In tracing her career through the legal profession, Jackson writes for the first time about the life sentence her uncle received for a nonviolent drug offense. Jackson was a federal public defender in D.C. when Thomas Brown Jr., her father’s brother, called from a Florida prison asking his niece for help in seeking leniency — an episode first reported by The Washington Post when she was under consideration to become a justice.
“My heart raced and my hands shook as I sifted through the files, and my brow felt clammy as I studied each sheet of paper,” Jackson writes of reviewing Brown’s case files. “The tiny pilot flame of hope that I had nursed since I’d spoken with my uncle slowly bloomed into righteous anger — then died — as I realized that there was nothing in the files that either justified a life sentence or warranted a retrial or a resentencing in his case.”
After a referral from Jackson, a private law firm eventually took her uncle’s case pro bono, and President Barack Obama years later commuted his sentence. He was released in 2017. The case brought questions of sentencing policy and fundamental fairness into sharp relief for the young public defender.
“It’s one thing to read about cases and their outcomes,” she writes, “but I now had firsthand experience of the myriad ways in which criminal justice policy can destroy the lives and livelihoods of real human beings.”
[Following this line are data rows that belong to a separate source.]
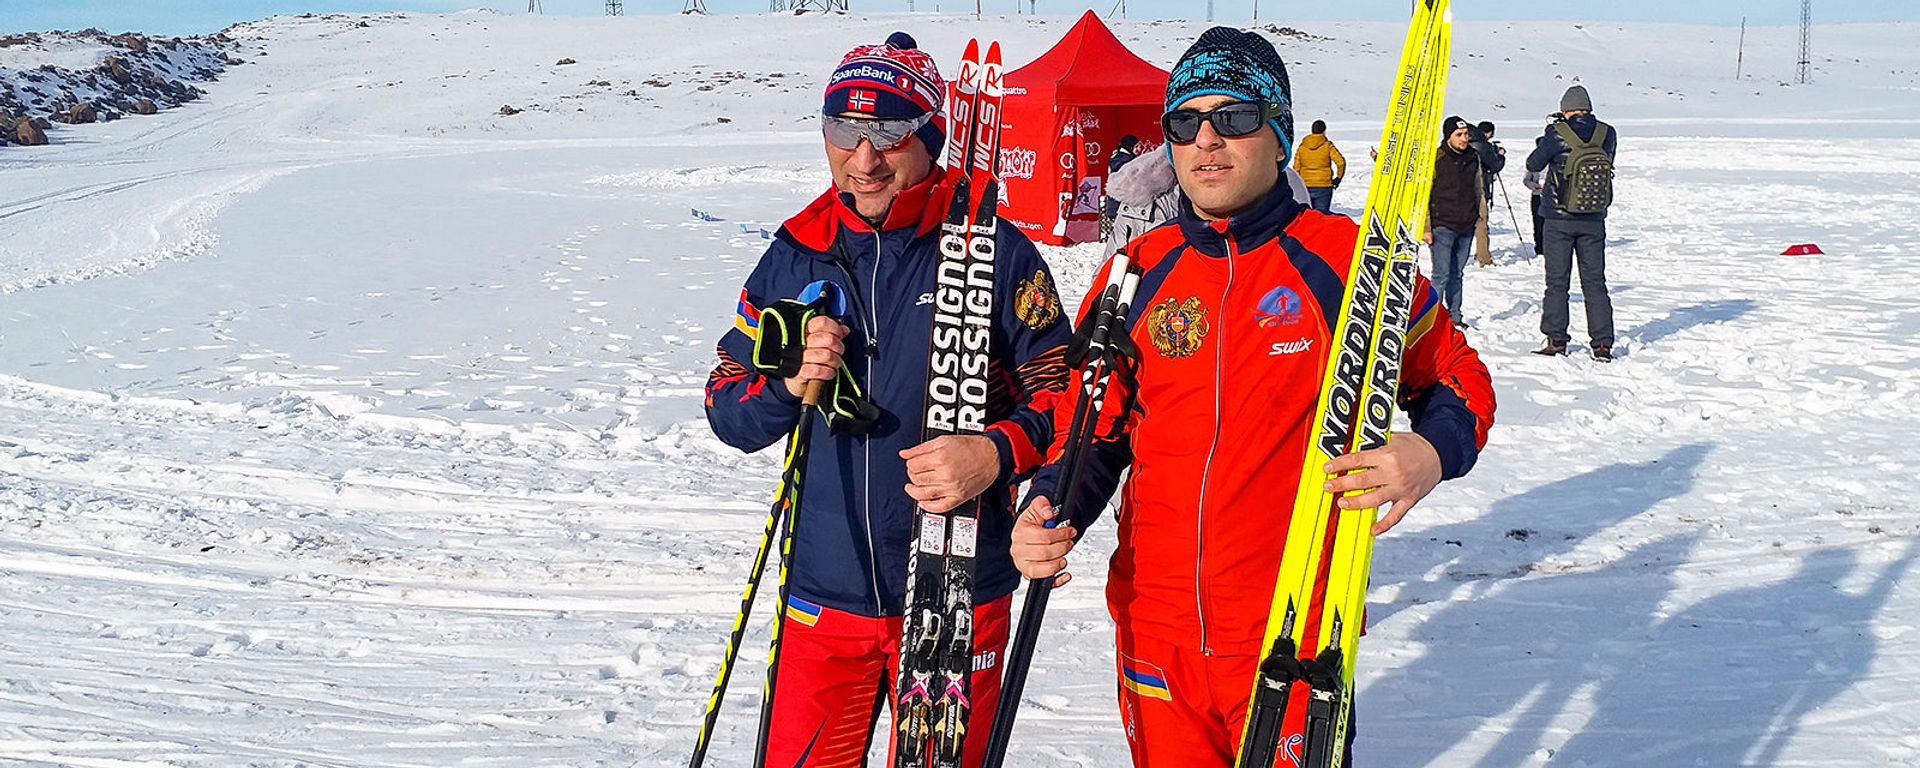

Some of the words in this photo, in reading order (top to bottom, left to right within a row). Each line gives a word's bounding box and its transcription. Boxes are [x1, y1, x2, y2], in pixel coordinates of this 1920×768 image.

[831, 65, 896, 84] SpareBank
[947, 97, 970, 170] WCS
[973, 101, 998, 172] WCS
[1382, 131, 1399, 176] BASE
[1392, 64, 1416, 128] TUNING
[926, 215, 969, 432] ROSSIGNOL
[957, 215, 998, 433] ROSSIGNOL
[1318, 206, 1392, 461] NORDWAY
[1357, 214, 1420, 454] NORDWAY
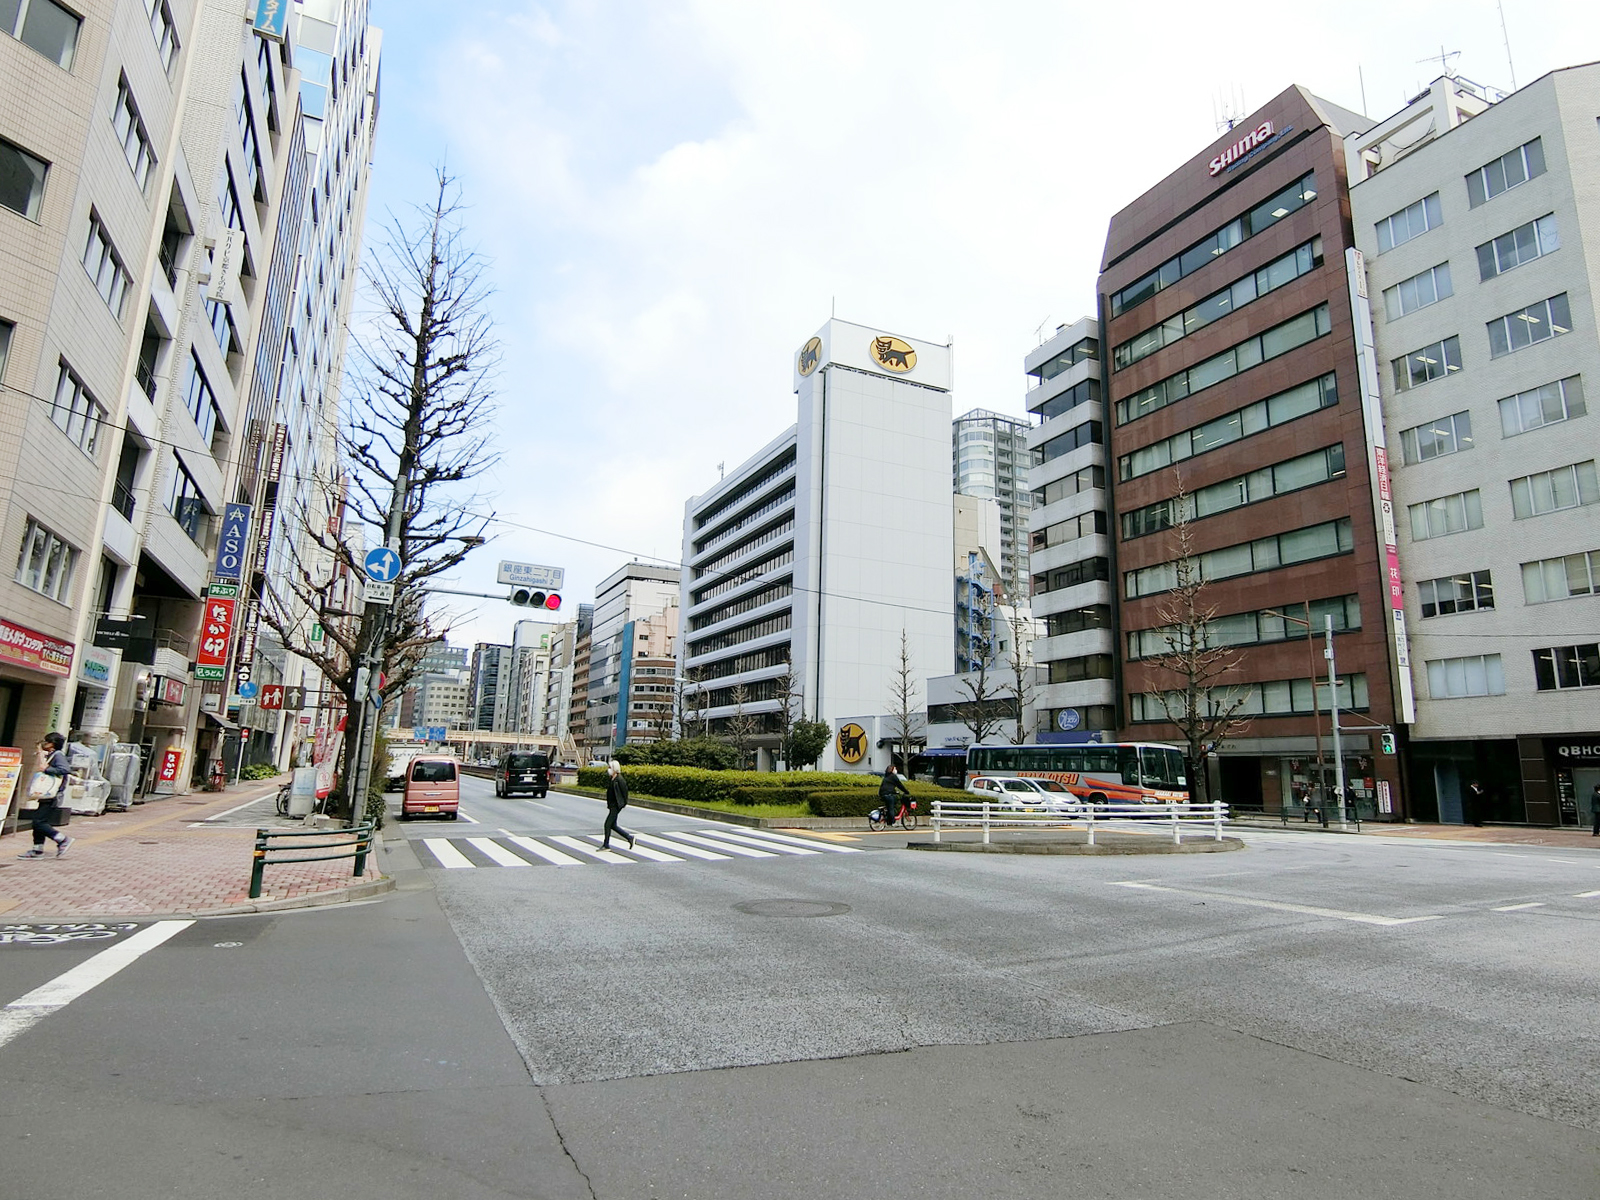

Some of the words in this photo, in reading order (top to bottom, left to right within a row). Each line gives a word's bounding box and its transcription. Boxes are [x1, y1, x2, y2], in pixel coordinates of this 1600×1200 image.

[221, 523, 242, 569] ASO
[503, 562, 561, 579] 銀座東二丁目
[509, 573, 548, 585] Ginzahigashi
[211, 586, 235, 596] 丼ぶり
[366, 590, 391, 598] 一方通行
[203, 604, 228, 658] なか卯
[163, 753, 176, 779] なか卯
The book also details her courtship and marriage to Patrick Jackson, whom she met in history class at Harvard, and the initial concerns expressed by their friends and families about their interracial relationship. Eventually, Jackson writes, the couple’s loved ones fully embraced them.
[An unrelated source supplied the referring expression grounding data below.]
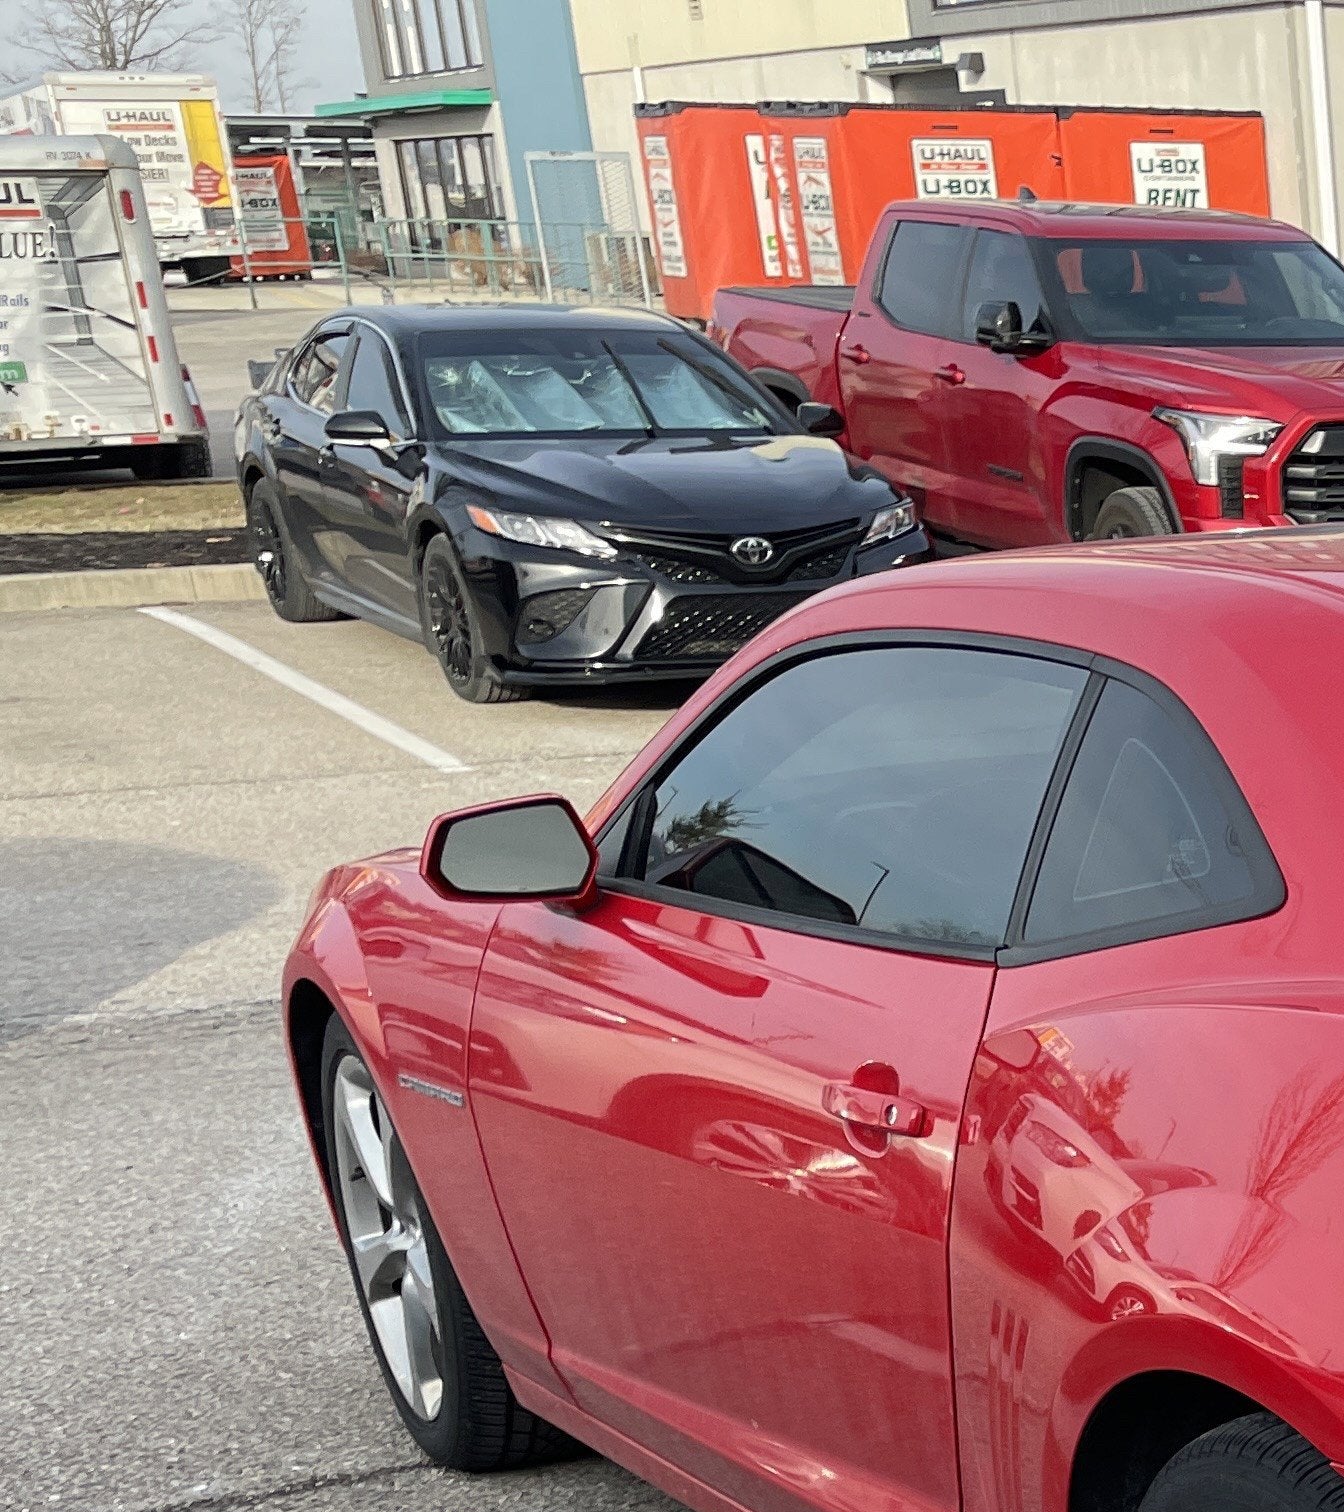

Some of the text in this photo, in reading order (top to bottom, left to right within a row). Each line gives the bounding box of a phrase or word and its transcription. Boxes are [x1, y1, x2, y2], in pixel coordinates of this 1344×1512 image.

[106, 111, 172, 122] U-HAUL
[921, 148, 986, 161] U-HAUL
[1137, 158, 1200, 174] U-BOX
[922, 179, 992, 195] U-BOX
[1147, 188, 1200, 208] RENT
But perhaps the biggest challenge they faced was the struggle to understand their older daughter’s troubles in school.
“Unfortunately for Talia, her well-meaning, utterly devoted parents had some blind spots, likely stemming from a heightened work ethic that Patrick and I had internalized to an almost ridiculous degree,” Jackson writes.
“We took far too long to understand that Talia wasn’t neurologically wired like Patrick or me, and although she was indeed extraordinarily bright, we couldn’t simply parent her as we ourselves had been parented.”
Talia’s diagnosis with autism — in 2012, when she was 11 — was devastating, but also a relief, Jackson writes: “We could at last accept that her life was likely to be fundamentally different from the one we had envisioned for her when she was a newborn.”
The memoir includes some lighter moments as well, following Jackson as she shops in New York’s Garment District for her first judicial robes after her 2013 confirmation to the U.S. District Court in D.C., and recounting the day she discovered her signature hairstyle — tightly coiled sisterlocks.
Even in the glare of public life after her Supreme Court nomination, Jackson writes, her low-maintenance, chin-length locs “freed me to show up in the most formal legal settings wearing a neat, precise style that I love and one that also communicates my appreciation for my God-given hair texture.”